Segment Open
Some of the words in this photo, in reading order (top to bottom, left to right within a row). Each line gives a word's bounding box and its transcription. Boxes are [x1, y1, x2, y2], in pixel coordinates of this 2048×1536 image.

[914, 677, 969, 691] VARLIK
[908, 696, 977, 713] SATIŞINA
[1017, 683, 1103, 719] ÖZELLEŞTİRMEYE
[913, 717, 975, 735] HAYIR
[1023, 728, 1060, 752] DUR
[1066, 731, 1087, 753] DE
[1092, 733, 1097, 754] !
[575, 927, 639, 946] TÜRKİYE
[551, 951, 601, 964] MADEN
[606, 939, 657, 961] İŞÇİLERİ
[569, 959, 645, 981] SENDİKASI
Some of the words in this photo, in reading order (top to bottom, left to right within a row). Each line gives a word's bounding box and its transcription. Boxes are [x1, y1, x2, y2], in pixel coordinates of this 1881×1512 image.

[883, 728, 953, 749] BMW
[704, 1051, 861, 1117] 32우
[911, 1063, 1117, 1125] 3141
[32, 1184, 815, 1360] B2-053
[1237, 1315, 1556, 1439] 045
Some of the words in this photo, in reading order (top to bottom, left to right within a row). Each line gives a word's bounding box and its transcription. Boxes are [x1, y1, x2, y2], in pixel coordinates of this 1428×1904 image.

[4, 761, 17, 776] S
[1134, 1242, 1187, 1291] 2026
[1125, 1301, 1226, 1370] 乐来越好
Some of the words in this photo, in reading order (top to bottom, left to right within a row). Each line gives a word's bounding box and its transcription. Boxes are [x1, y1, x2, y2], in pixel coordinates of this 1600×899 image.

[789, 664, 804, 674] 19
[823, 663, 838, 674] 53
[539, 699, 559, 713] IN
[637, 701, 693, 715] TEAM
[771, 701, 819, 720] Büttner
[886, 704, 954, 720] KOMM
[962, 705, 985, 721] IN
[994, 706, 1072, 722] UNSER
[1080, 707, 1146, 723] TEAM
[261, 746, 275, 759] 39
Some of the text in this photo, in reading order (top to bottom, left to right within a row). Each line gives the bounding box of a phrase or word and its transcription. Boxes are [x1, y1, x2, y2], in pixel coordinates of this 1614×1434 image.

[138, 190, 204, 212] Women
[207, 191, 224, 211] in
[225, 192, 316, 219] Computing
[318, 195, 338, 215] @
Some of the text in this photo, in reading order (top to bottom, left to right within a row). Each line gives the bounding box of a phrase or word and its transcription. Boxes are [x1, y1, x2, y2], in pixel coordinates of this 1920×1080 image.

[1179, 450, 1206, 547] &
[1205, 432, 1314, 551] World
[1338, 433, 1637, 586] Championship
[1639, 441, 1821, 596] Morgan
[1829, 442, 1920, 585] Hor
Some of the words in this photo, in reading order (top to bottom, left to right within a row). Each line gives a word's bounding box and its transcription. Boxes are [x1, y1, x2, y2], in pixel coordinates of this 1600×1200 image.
Segment Closed
**Aim of the exercise**.
Output only the lines that run from the one containing "this 1920×1080 image." through the last line of the material above, both included.

**Expected output**.
Some of the text in this photo, in reading order (top to bottom, left to right within a row). Each line gives the bounding box of a phrase or word and its transcription. Boxes are [x1, y1, x2, y2], in pixel coordinates of this 1920×1080 image.

[1179, 450, 1206, 547] &
[1205, 432, 1314, 551] World
[1338, 433, 1637, 586] Championship
[1639, 441, 1821, 596] Morgan
[1829, 442, 1920, 585] Hor
Some of the words in this photo, in reading order (top to bottom, left to right within a row). Each line gives a word's bounding box and its transcription. Boxes are [x1, y1, x2, y2], in pixel coordinates of this 1600×1200 image.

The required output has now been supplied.